Running the simulation

  • For any team that is ready, collect their turtle.
  • Once you have ALL the turtles, ask the programmers to write their team name on their program, and pass their code to another team.
  • Meanwhile, line up the turtles at the front of the maze.
  • SPOILER ALERT–now explain the algorithm by which you’ll test the teams. Every team is responsible for giving you, the CPU, one symbol at a time from the code they have in front of them. You’ll point to a turtle and the team with the corresponding code must give you the next symbol.  Since most (or all) teams wrote with the assumption they’d be the only turtle in the environment, the turtles will crash into one another. Turtles cannot pass through one another, so if a turtle hits another turtle, the command is aborted. Execute the directions as well as any three-dimensional physical robot would under the same circumstances.
Debrief
  • What happened here?
  • Why were there so many crashes?
  • What could you change to get your robot through the maze?
  • If you could add one or two commands to the language, what would they be?
  • Anyone want to try again? (If so, see me after class!)

Learning Points:

  • There are some environmental factors you cannot predict until you test in a realistic environment
  • Testing first leads to discovery of these issues sooner, and leads to more robust code.
Facilitator Notes:
Why is this called Logo Maze?
  It’s inspired by the plotters that were programmed in the Logo programming language, which was one of my first programming languages.
Can I use a more complex maze?
  Surprisingly enough, this is complex enough. Anything tougher would distract people from the lesson.

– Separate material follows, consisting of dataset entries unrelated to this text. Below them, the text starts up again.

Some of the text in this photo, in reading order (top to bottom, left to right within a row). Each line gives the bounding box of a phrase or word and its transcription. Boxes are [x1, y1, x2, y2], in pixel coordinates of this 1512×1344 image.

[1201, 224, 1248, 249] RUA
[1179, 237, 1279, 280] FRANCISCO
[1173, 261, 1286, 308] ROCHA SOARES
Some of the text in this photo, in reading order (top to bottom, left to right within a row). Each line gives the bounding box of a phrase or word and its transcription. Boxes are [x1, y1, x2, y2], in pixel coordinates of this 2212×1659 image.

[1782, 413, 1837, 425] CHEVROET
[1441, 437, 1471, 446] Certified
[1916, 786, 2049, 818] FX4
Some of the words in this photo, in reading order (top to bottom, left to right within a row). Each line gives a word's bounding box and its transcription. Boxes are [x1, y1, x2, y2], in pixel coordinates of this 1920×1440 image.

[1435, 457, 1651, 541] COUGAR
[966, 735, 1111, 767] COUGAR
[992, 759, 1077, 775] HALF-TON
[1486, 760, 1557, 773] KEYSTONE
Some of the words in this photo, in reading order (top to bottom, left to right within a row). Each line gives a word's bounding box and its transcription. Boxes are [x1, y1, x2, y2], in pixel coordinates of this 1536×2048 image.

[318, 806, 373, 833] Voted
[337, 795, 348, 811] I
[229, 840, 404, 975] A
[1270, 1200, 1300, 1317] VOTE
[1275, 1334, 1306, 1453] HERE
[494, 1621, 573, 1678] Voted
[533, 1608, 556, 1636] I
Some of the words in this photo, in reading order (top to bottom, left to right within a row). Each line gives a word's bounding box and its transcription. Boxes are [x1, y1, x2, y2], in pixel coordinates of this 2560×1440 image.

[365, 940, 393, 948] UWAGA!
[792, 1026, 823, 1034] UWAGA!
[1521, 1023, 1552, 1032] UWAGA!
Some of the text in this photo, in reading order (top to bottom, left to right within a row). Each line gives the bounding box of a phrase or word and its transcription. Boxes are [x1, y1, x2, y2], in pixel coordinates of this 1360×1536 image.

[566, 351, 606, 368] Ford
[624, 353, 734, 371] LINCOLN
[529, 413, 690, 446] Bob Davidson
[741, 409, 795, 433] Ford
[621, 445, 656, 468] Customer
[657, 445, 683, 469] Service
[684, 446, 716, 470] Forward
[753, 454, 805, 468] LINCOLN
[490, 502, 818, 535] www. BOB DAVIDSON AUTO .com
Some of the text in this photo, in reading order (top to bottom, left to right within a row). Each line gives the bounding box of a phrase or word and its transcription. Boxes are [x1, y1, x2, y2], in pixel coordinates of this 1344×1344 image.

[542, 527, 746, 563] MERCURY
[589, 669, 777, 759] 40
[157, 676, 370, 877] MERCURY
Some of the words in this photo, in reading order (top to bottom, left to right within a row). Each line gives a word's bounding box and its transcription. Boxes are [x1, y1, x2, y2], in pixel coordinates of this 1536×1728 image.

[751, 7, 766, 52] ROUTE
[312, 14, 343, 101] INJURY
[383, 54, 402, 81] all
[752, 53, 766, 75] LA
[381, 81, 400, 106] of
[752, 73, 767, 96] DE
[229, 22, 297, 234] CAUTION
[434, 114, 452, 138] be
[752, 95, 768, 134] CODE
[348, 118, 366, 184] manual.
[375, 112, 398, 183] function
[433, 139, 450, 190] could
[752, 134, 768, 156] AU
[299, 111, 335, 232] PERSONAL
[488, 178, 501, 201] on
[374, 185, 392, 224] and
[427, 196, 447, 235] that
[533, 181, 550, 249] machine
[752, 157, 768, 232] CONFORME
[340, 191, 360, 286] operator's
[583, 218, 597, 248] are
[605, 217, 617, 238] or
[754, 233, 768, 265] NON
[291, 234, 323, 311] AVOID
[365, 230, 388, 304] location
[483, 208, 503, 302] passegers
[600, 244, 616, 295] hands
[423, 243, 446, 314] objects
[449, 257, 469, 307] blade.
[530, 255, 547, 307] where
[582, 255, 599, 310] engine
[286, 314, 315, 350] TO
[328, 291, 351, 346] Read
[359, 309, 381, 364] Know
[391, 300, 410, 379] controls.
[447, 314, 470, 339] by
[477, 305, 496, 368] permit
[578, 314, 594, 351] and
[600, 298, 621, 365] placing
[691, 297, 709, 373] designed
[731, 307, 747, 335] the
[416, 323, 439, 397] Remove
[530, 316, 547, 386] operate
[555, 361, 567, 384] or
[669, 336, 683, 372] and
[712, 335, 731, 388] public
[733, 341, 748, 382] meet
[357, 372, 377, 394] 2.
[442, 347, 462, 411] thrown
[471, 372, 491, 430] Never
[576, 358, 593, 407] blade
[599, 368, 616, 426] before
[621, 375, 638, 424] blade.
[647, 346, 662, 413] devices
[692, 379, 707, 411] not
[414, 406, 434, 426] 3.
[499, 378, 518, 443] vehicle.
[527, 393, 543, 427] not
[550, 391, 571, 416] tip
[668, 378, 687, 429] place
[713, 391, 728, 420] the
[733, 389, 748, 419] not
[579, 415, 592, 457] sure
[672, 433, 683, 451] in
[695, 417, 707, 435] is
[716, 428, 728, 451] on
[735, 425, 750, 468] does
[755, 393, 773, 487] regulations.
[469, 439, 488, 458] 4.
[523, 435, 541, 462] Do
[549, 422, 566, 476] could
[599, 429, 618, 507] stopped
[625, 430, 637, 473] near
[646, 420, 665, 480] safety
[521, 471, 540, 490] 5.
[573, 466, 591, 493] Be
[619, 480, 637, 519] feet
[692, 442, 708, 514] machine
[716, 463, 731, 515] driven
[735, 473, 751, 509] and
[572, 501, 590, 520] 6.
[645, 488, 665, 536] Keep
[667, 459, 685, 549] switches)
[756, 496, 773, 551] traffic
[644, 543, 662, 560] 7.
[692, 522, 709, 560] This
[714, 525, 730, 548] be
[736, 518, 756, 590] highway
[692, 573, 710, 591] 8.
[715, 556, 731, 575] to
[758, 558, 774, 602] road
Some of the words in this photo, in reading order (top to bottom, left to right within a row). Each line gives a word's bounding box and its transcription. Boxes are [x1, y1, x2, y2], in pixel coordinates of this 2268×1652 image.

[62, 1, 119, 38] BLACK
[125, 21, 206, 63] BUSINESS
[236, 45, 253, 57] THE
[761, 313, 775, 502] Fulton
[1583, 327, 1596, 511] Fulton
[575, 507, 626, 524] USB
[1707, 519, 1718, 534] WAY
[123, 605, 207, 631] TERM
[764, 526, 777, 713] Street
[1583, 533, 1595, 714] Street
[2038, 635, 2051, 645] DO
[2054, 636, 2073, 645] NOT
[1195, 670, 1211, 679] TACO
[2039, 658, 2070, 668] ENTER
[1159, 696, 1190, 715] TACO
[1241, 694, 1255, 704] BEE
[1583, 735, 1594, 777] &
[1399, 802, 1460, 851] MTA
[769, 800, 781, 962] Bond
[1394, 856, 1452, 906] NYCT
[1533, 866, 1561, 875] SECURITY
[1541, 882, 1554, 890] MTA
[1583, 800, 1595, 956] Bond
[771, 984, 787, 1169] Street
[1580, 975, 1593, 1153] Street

2 thoughts on “Logo Maze (why we test first)

  1. A person could ask, as they write their first instruction, to execute it immediately. However, this game is a set-up for failure. I would simply say we’ll run it after everyone’s ready. I’d acknowledge to the group that someone asked–then ask why no one else did. Sometimes this is the best way to learn.

  2. Seems easy to implement, and fun, and with learning points.

    But I don’t get how the main learning is accepted by the participants: How ar they able to test upfront?